The fourth son of Hjalmar Hammarskjold, Prime Minister of Sweden during the years of World War-I was brought up in the university town of Uppsala where his father resided as Governor of the county of Uppland.
After Trygve Lie's resignation from the post of UN Secretary General in 1953, the Security Council decided to recommend Hammarskjöld's name.
He was selected on March 31 with the majority of 10 out of eleven states.

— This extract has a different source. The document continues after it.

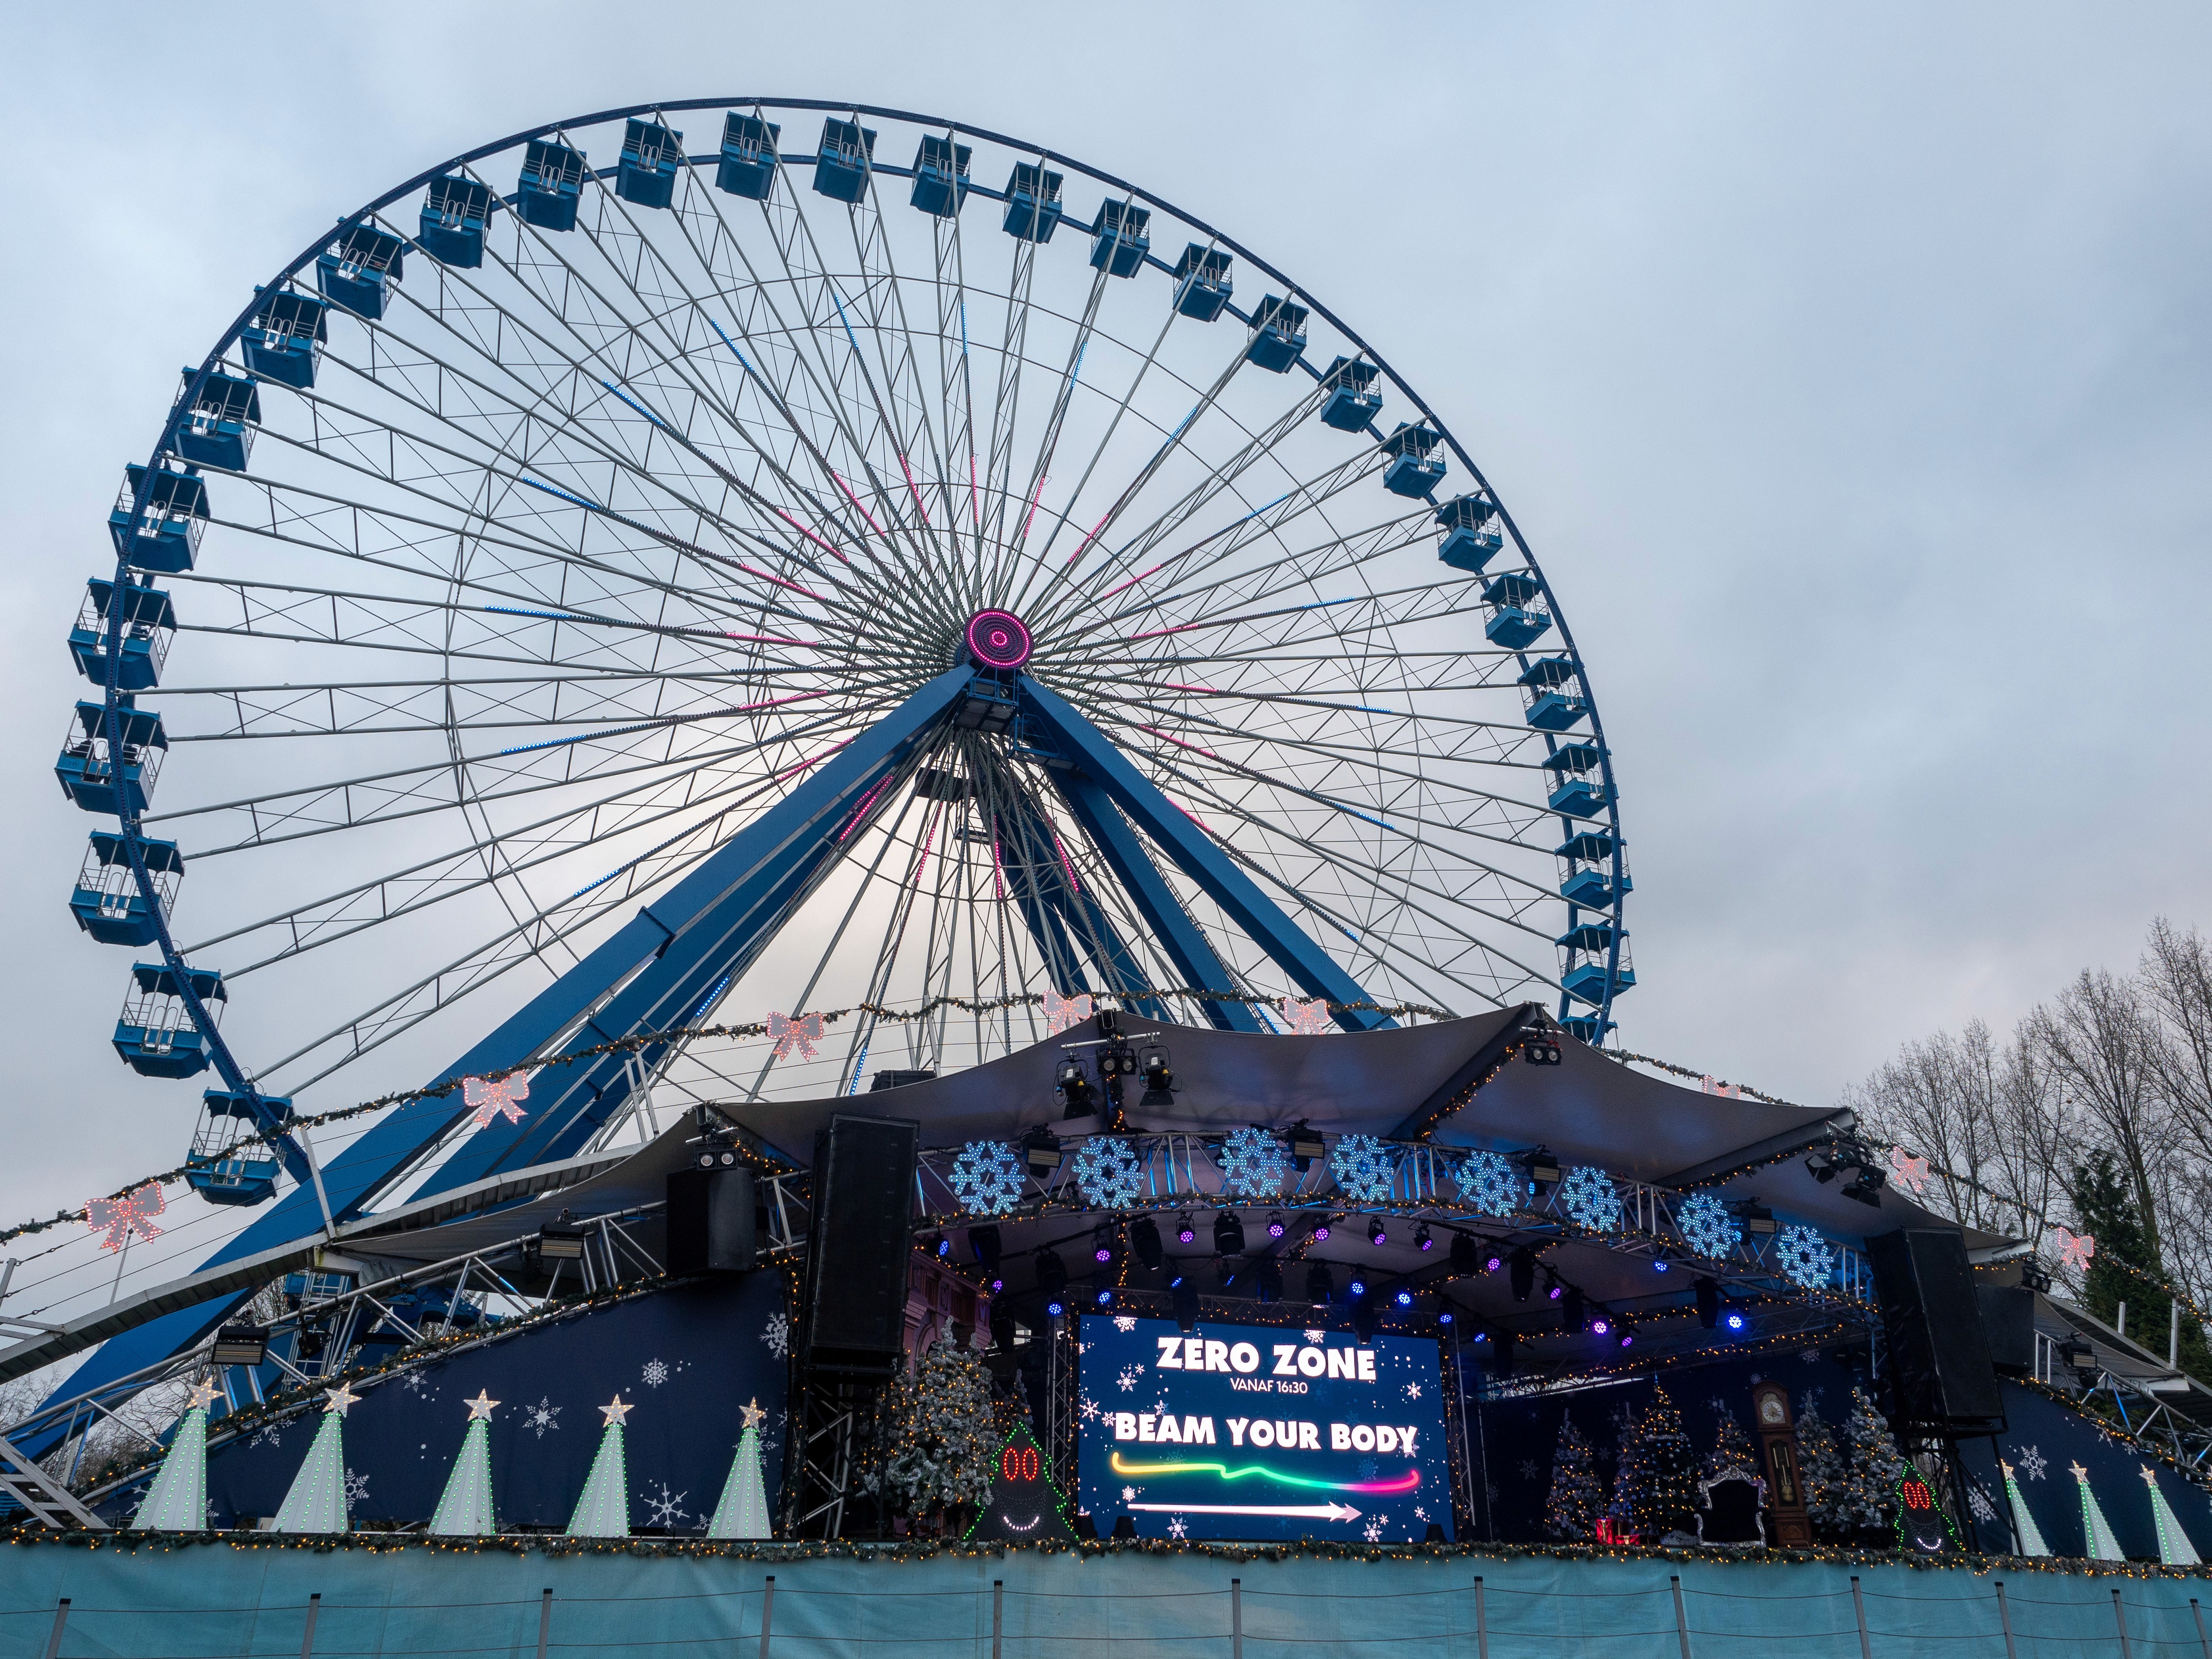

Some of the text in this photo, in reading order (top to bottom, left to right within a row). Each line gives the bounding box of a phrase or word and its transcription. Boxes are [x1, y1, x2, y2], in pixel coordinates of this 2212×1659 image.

[1156, 1337, 1376, 1380] ZERO ZONE
[1230, 1377, 1308, 1394] VANAF 16:30
[1115, 1412, 1418, 1453] BEAM YOUR BODY

The UN General Assembly elected him in the April 7-10 session, by 57 votes out of 60.
Hammarskjöld started his term by establishing his own secretariat of 4,000 administrators and setting up regulations that defined their responsibilities.
He insisted that the Secretary-General should be able to take emergency action without the prior approval of the Security Council or the General Assembly.

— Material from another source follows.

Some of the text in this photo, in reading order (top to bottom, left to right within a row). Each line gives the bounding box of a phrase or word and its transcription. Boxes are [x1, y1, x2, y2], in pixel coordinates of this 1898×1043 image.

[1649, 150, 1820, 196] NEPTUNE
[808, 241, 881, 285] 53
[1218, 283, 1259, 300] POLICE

During his tenure, Hammarskjöld tried to better relations between Israel and the Arab states.
In 1955 he went to mainland China to negotiate the release of 15 US pilots who had served in the Korean War and been captured by the Chinese.

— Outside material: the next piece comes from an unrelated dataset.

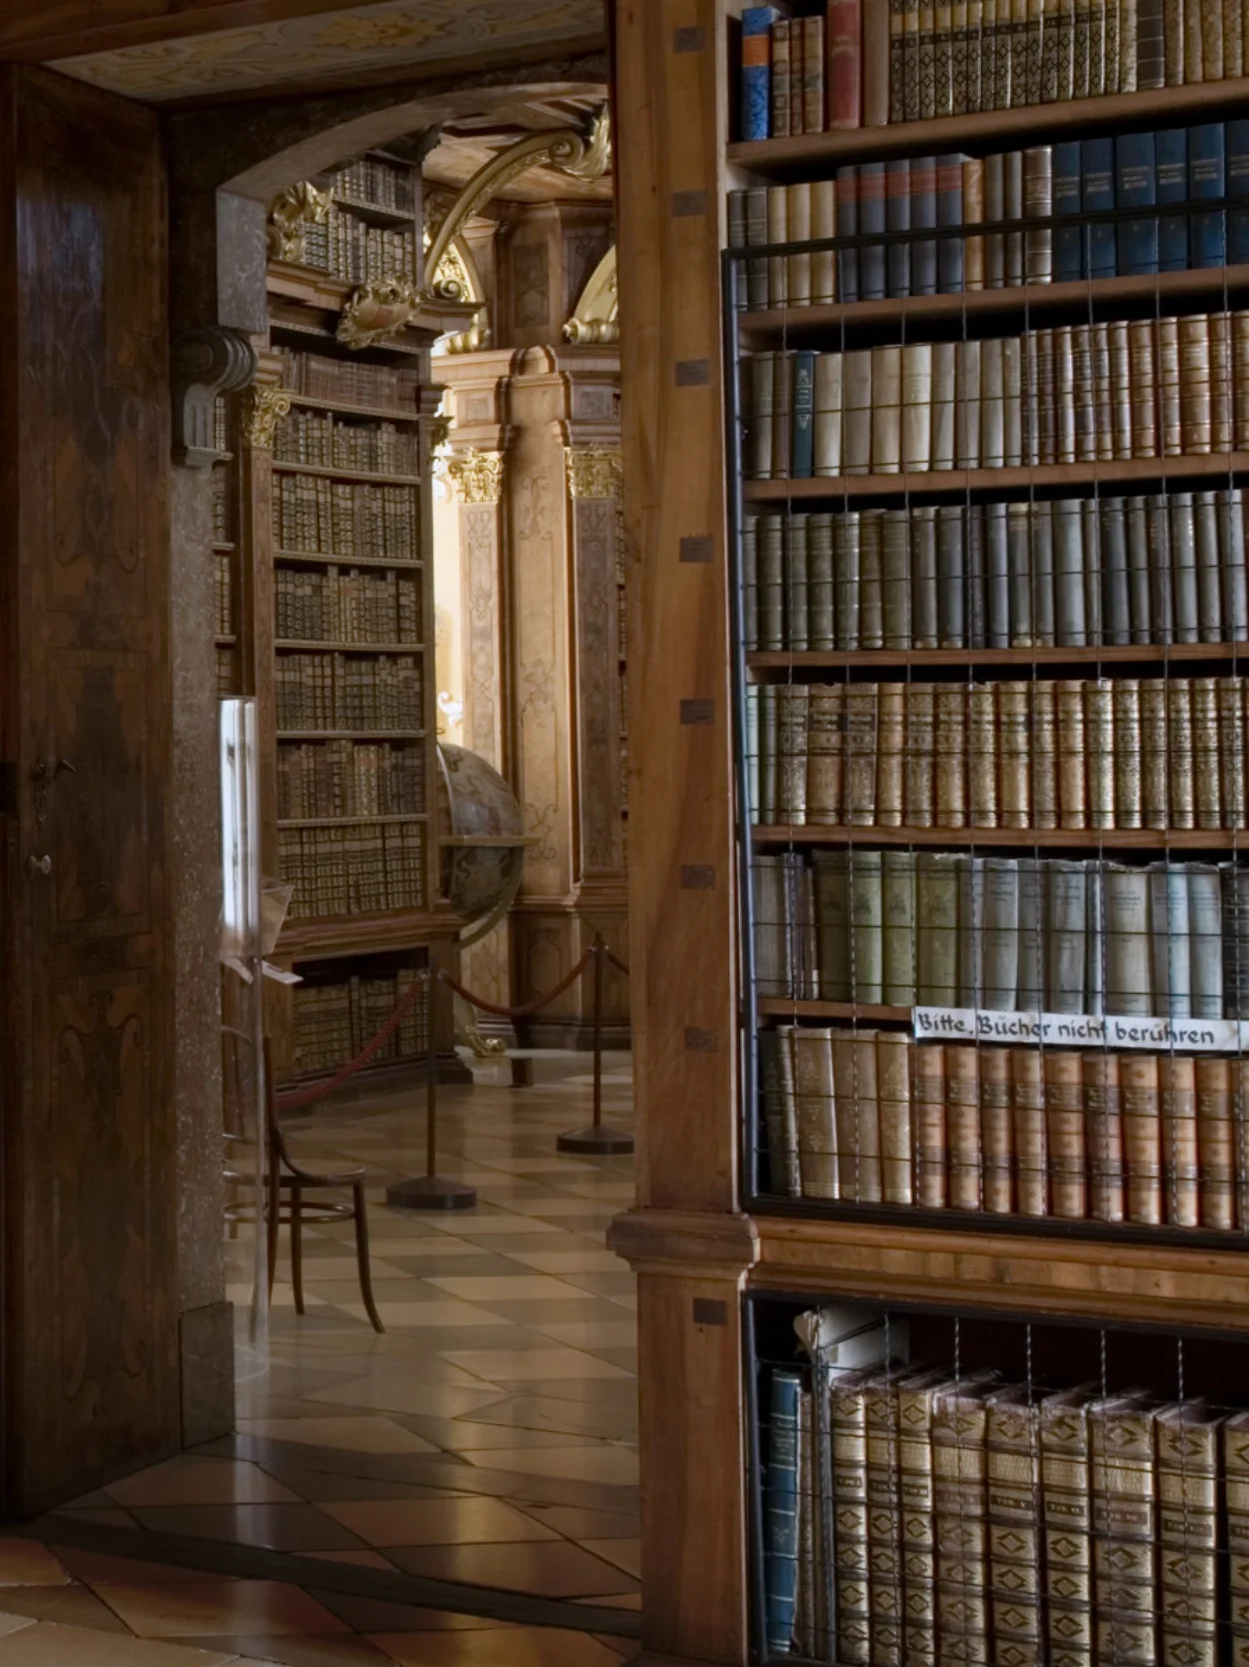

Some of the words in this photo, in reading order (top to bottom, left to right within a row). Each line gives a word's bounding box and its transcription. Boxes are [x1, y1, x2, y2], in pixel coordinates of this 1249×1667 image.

[977, 1015, 1051, 1037] Bücher
[1058, 1019, 1107, 1040] nicht
[1115, 1020, 1215, 1045] berühren

In 1956 he established the United Nations Emergency Force (UNEF) and the very nest year also took note of the Suez Crisis.
From December 18, 1959 to January 31, 1960, the Secretary-General visited 21 countries and territories in Africa.
On the insistence of the former Belgian colony and now independent Congo, the Secretary-General asked the Council to act "with utmost speed" on sending military troops to the region.
Hence, the United Nations Force in the Congo was established and Hammarskjöld himself made four trips to the Congo in connection with the United Nations operations there.
His fourth and the final trip to the Congo began on September 12, 1960 and terminated with the fatal plane accident.